The CPT code that was submitted is 59854. Should I use this code with a modifier 52 since the right ovary was not removed and do I need to submit a cpt code for right ovarian oophorpexy.
PREOPERATIVE DIAGNOSES: Pelvic mass, abnormal CT scan, elevated CA-125.
POSTOPERATIVE DIAGNOSIS: Serous epithelial tumor of the ovary, borderline low malignant potential tumor, possible invasion.
PROCEDURE: Exploratory laparotomy, right ureterolysis, total abdominal hysterectomy, left salpingo-oophorectomy, left and right pelvic lymph node dissection, left paraaortic lymph node dissection, right ovarian cystectomy, right salpingectomy, right ovarian oophoropexy, omentectomy, appendectomy, staging with peritoneal biopsies.
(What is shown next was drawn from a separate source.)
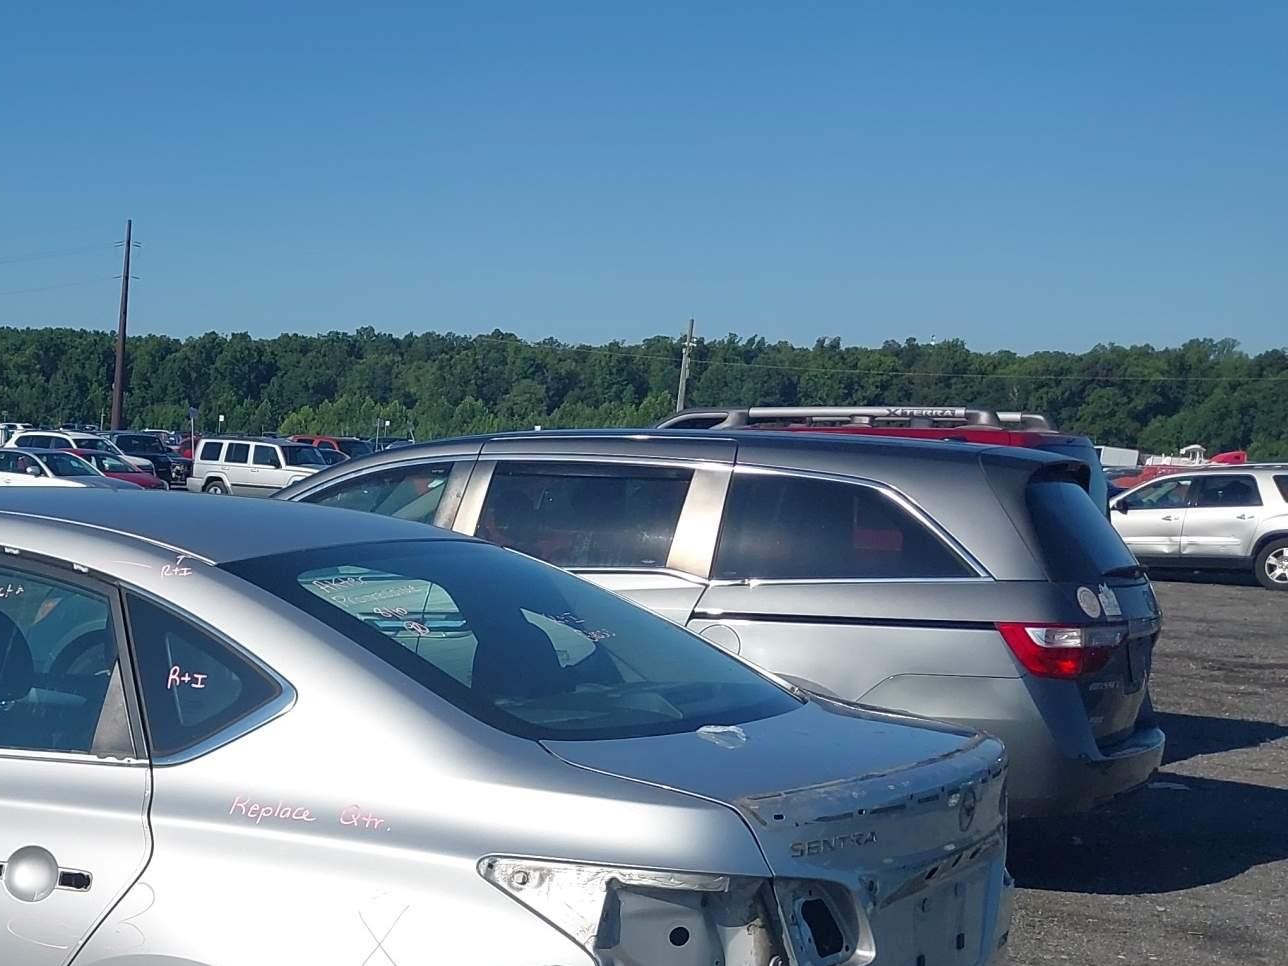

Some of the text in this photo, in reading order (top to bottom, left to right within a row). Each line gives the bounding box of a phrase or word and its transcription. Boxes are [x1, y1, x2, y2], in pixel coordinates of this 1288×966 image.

[167, 666, 208, 689] R+I
[229, 798, 317, 824] Replace
[790, 831, 879, 858] SENTRA
INDICATIONS: A 31-year-old female, patient of Dr. McFarland, who was taken to the operating room for diagnostic laparoscopy, unilateral salpingo-oophorectomy, possible exploratory laparotomy, hysterectomy staging if malignancy was discovered.
DESCRIPTION OF PROCEDURE: The patient underwent diagnostic laparoscopy. See his dictation for details with findings of left ovarian mass involved with papillary structure approximately 6-8 centimeters in diameter consistent with ovarian neoplasm borderline tumor versus a malignancy. The patient also had evidence of metastatic implants involving the pelvis, uterine serosa.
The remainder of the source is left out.